METHODS: We searched the Pubmed, Embase and Web of Science databases using search terms related to AF and cancer mapped to subject headings. We included English language studies, limited to adults > 18 years who were > 12 months post completion of cancer treatment. Using a random-effects model we calculated the overall AF detection rate. Meta-regression analysis was performed to assess for potential causes for study heterogeneity.
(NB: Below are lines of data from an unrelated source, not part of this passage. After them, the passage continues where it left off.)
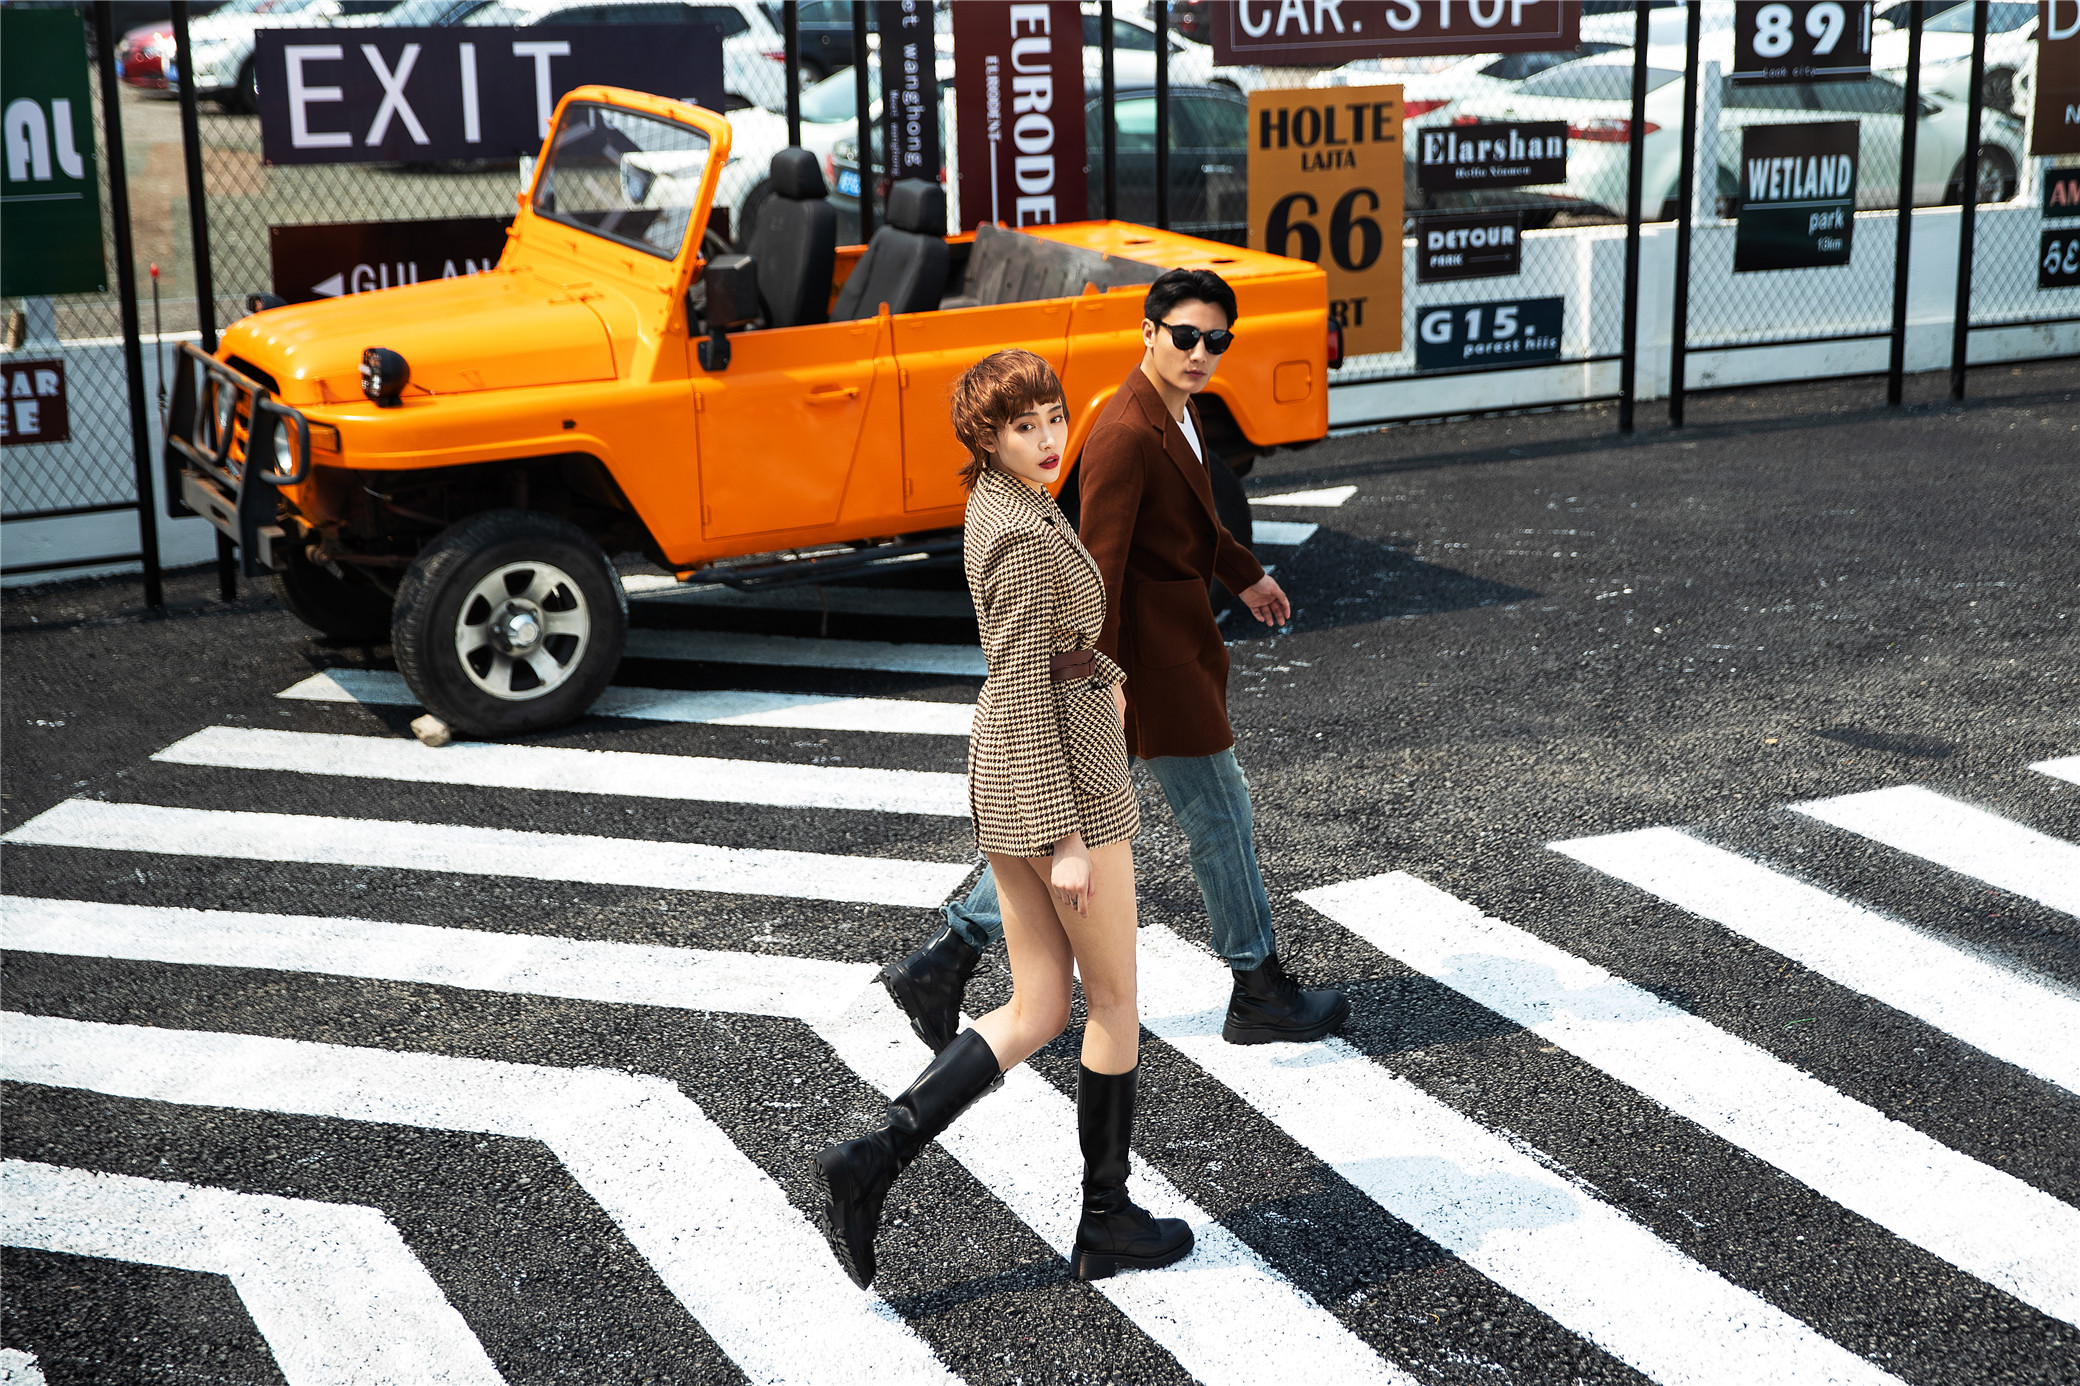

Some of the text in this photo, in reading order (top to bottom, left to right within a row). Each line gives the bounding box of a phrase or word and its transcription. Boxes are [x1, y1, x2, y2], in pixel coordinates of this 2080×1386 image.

[1238, 0, 1362, 37] CAR.
[1752, 2, 1847, 58] 89
[284, 41, 571, 148] EXIT
[902, 43, 926, 167] wanghong
[985, 55, 1001, 141] EURODENT
[4, 97, 85, 182] AL
[1259, 101, 1396, 150] HOLTE
[1422, 128, 1564, 165] Elarshan
[1301, 149, 1357, 172] LAJTA
[1748, 154, 1853, 201] WETLAND
[1264, 187, 1382, 273] 66
[1427, 225, 1516, 250] DETOUR
[1808, 207, 1846, 236] park
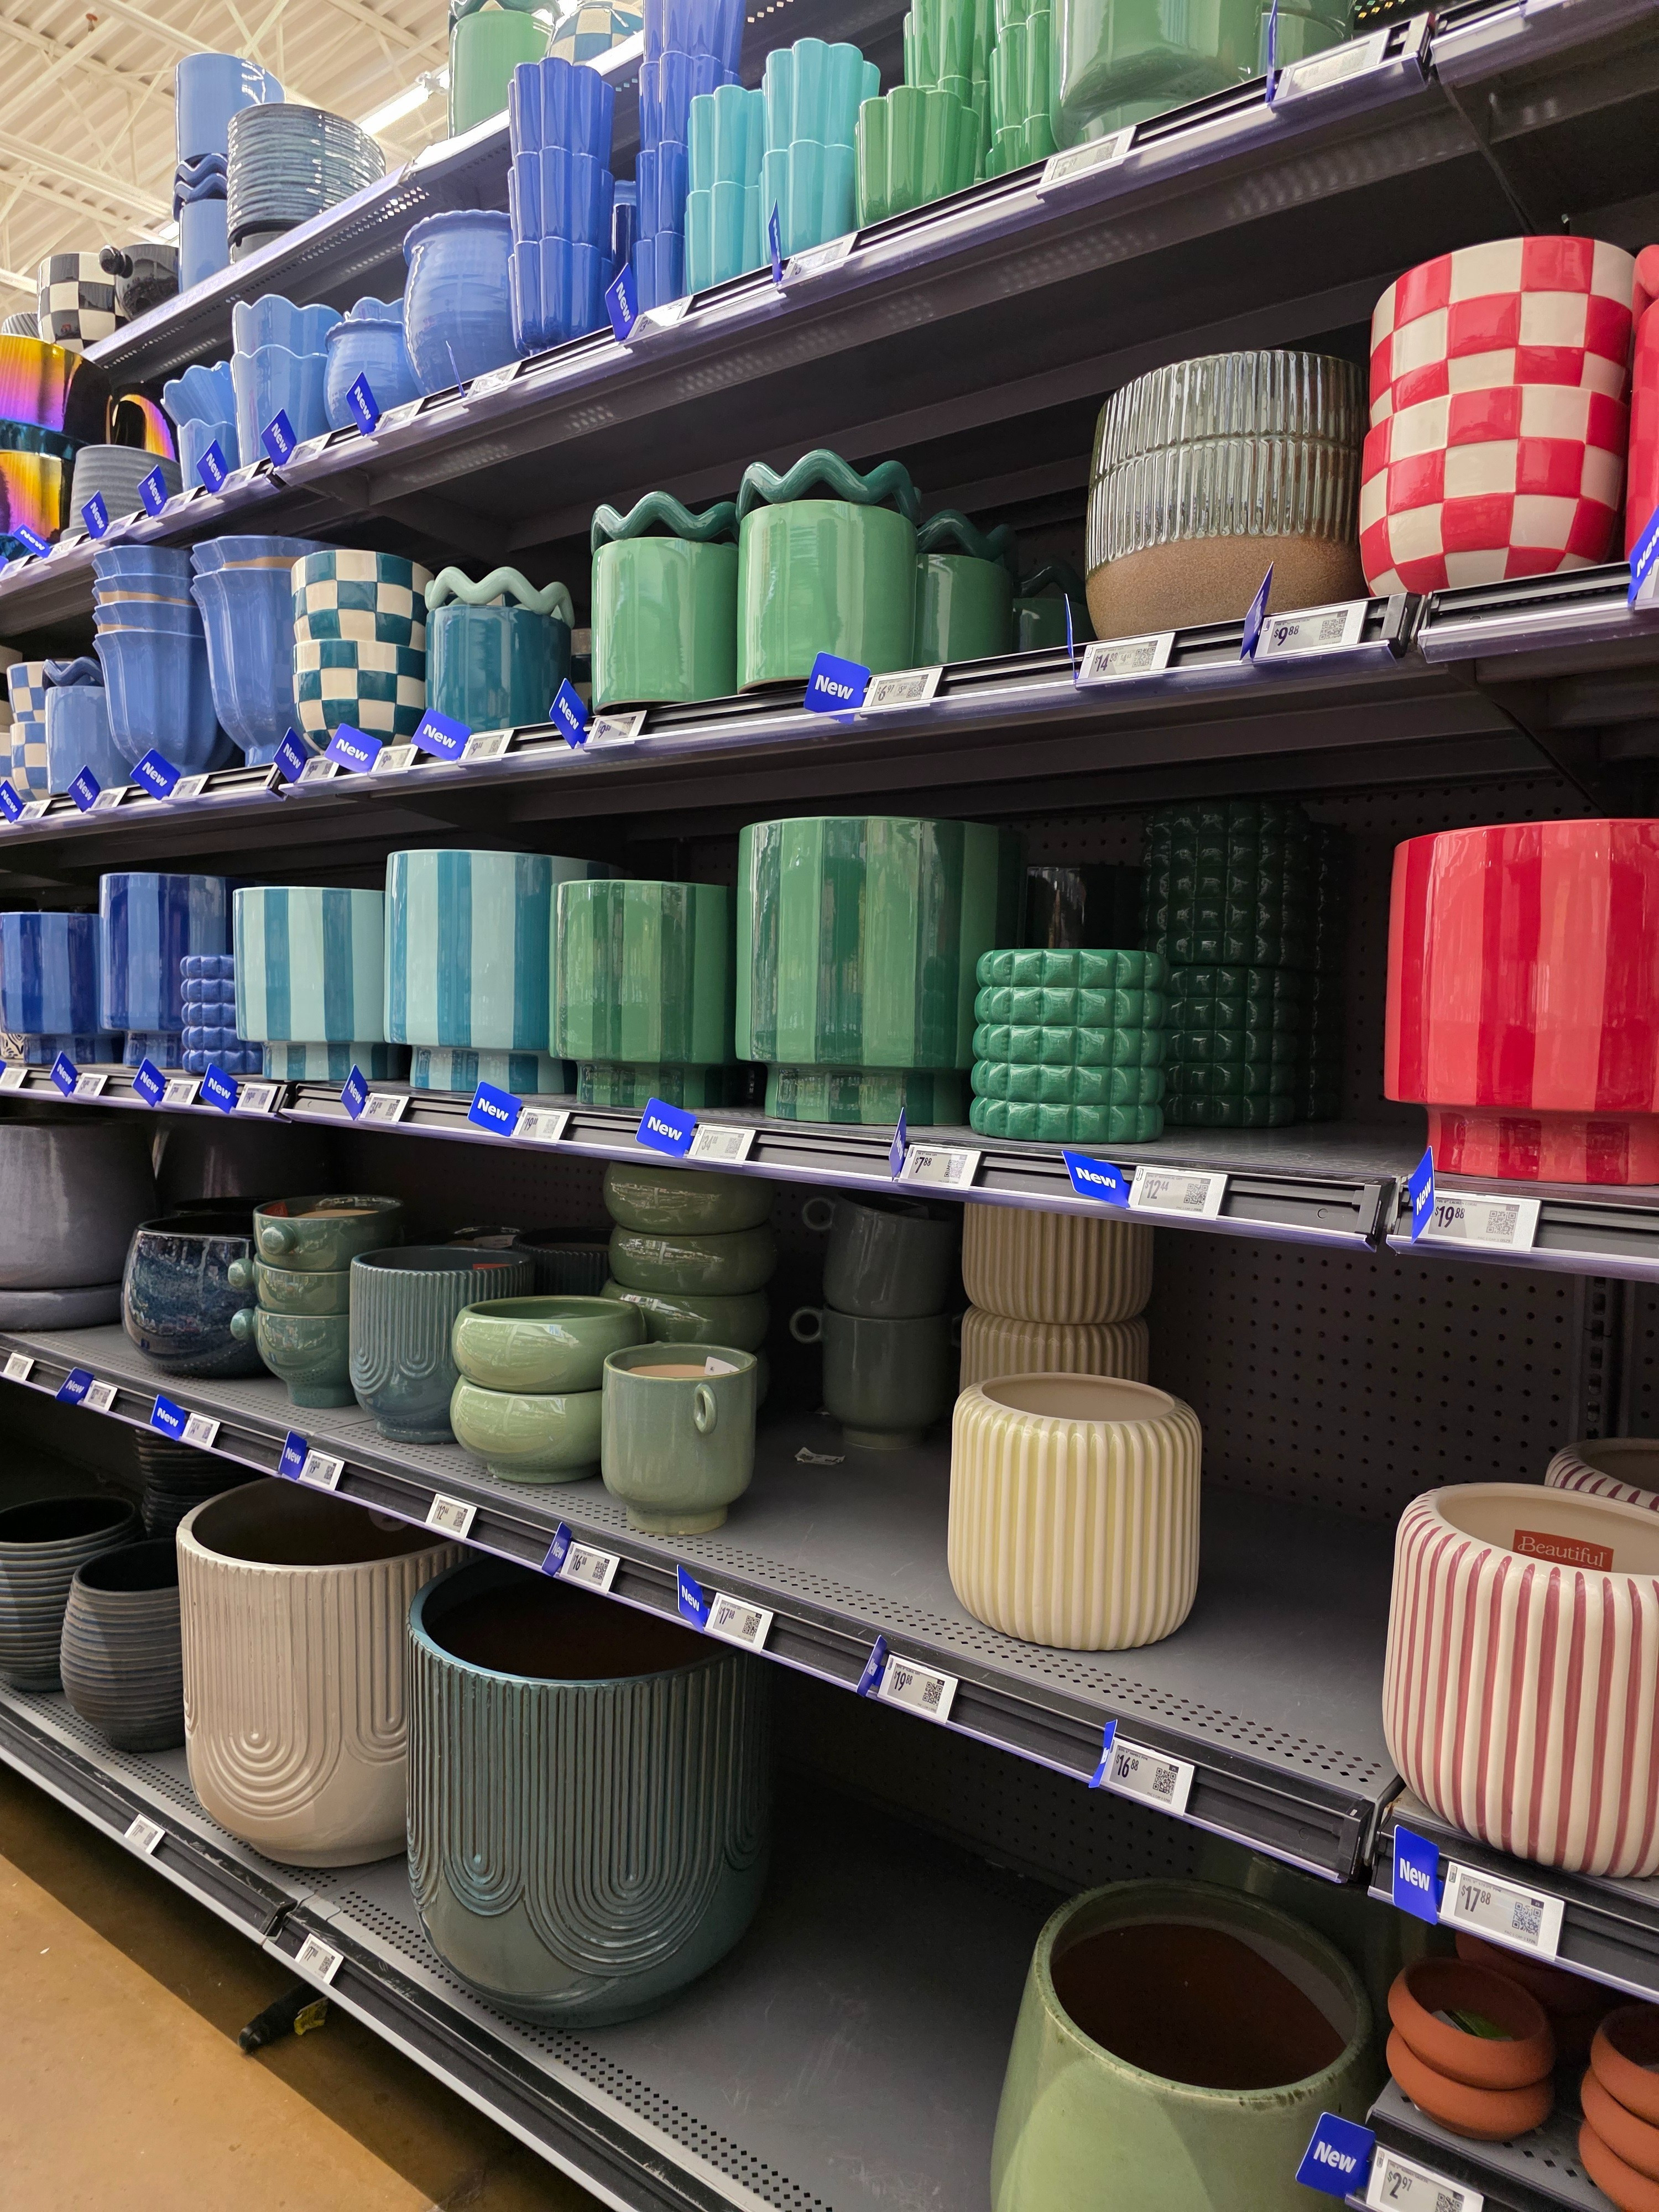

RESULTS: Sixteen studies were included in the study. The combined AF detection rate amongst all the studies was 4.7% (95% C.I 4.0-5.4%), which equated to a combined annualised AF rate of 0.7% (95% C.I 0.1-0.98%). There was significant heterogeneity between studies (I2 = 99.8%, p < 0.001). In the breast cancer cohort (n = 6 studies), the combined annualised AF rate was 0.9% (95% C.I 0.1-2.3%), with significant heterogeneity (I2 = 99.9%, p < 0.001).
CONCLUSION: Whilst the results should be interpreted with caution due to study heterogeneity, AF rates in patients with cancer survival >12 months were not significantly increased compared to the general population.
STUDY REGISTRATION: Open Science Framework - DOI: https://doi.org/10.17605/OSF.IO/APSYG .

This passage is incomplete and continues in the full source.